Can mycobacterial katG genetic changes in isoniazid-resistant tuberculosis influence human disease features?

2013 
BACKGROUND: Isoniazid-resistant (INHr) Mycobacterium tuberculosis isolates often have katG mutations, and katG is a virulence factor in animal models. It is unclear if katG mutations or other mutations influence the characteristics of human disease. OBJECTIVE: To determine if the presence of INHr-conferring mutations were associated with distinct clinical features of tuberculosis (TB). METHODS: In a retrospective case-control study, INHr-conferring mutations were determined by DNA sequencing.

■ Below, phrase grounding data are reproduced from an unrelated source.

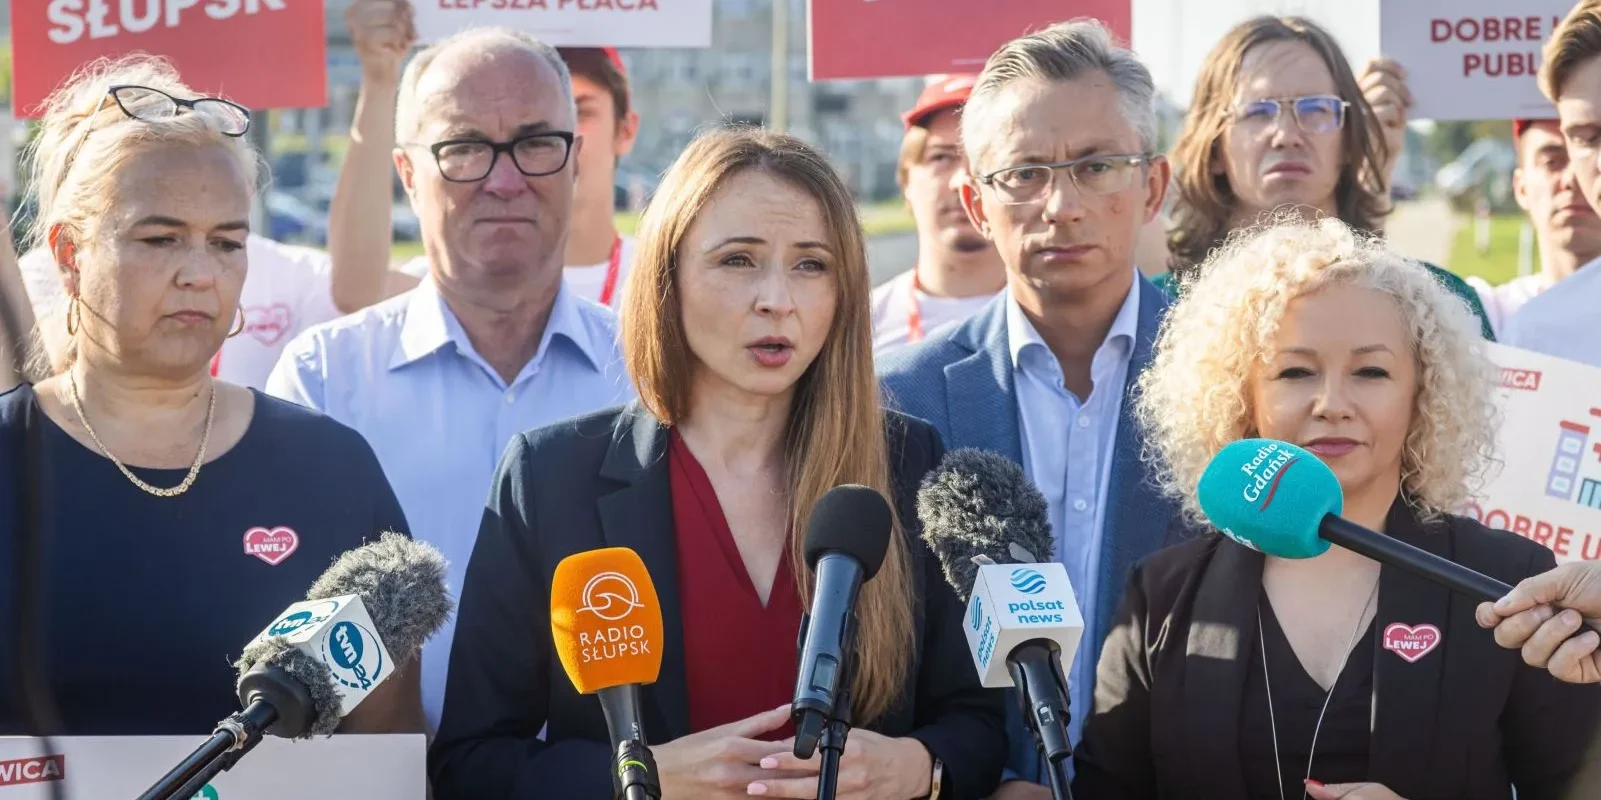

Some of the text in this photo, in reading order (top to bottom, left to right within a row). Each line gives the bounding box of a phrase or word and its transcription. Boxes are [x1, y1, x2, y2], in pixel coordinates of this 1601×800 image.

[1430, 16, 1542, 43] DOBRE
[1241, 443, 1278, 476] Radio
[1243, 449, 1295, 502] Gdańsk
[246, 542, 286, 552] LEWEJ
[1008, 600, 1065, 613] polsat
[1018, 614, 1063, 623] news
[580, 625, 644, 647] RADIO
[978, 615, 991, 662] polsat
[1386, 637, 1427, 650] LEWEJ
[582, 639, 651, 663] SŁUPSK

We examined associations between clinical characteristics in patients with INHr M. tuberculosis (stratified by groups of relevant INHr-conferring mutations, including katG-S315T and inhA-C(-)15T mutations) and pan-susceptible (PS) isolates. RESULTS: Twenty-nine INHr TB cases and 50 PS controls were evaluated. Disease characteristics were not statistically different between INHr and PS cases. However, patients infected with non-katG mutants were associated with a higher rate of sputum culture conversion at 1 month after adjustment for relevant covariates (adjusted OR [aOR] 4.4, 95%CI 1.1-23.6, P = 0.04). Patients infected with katG mutants were associated with a higher rate of unilateral disease (aOR 4.7, 95%CI 1.0-34.3, P = 0.05). CONCLUSIONS: Most INHr TB cases with non-katG mutations have disease associated with faster response to treatment, and most cases with katG mutants have localized lung involvement.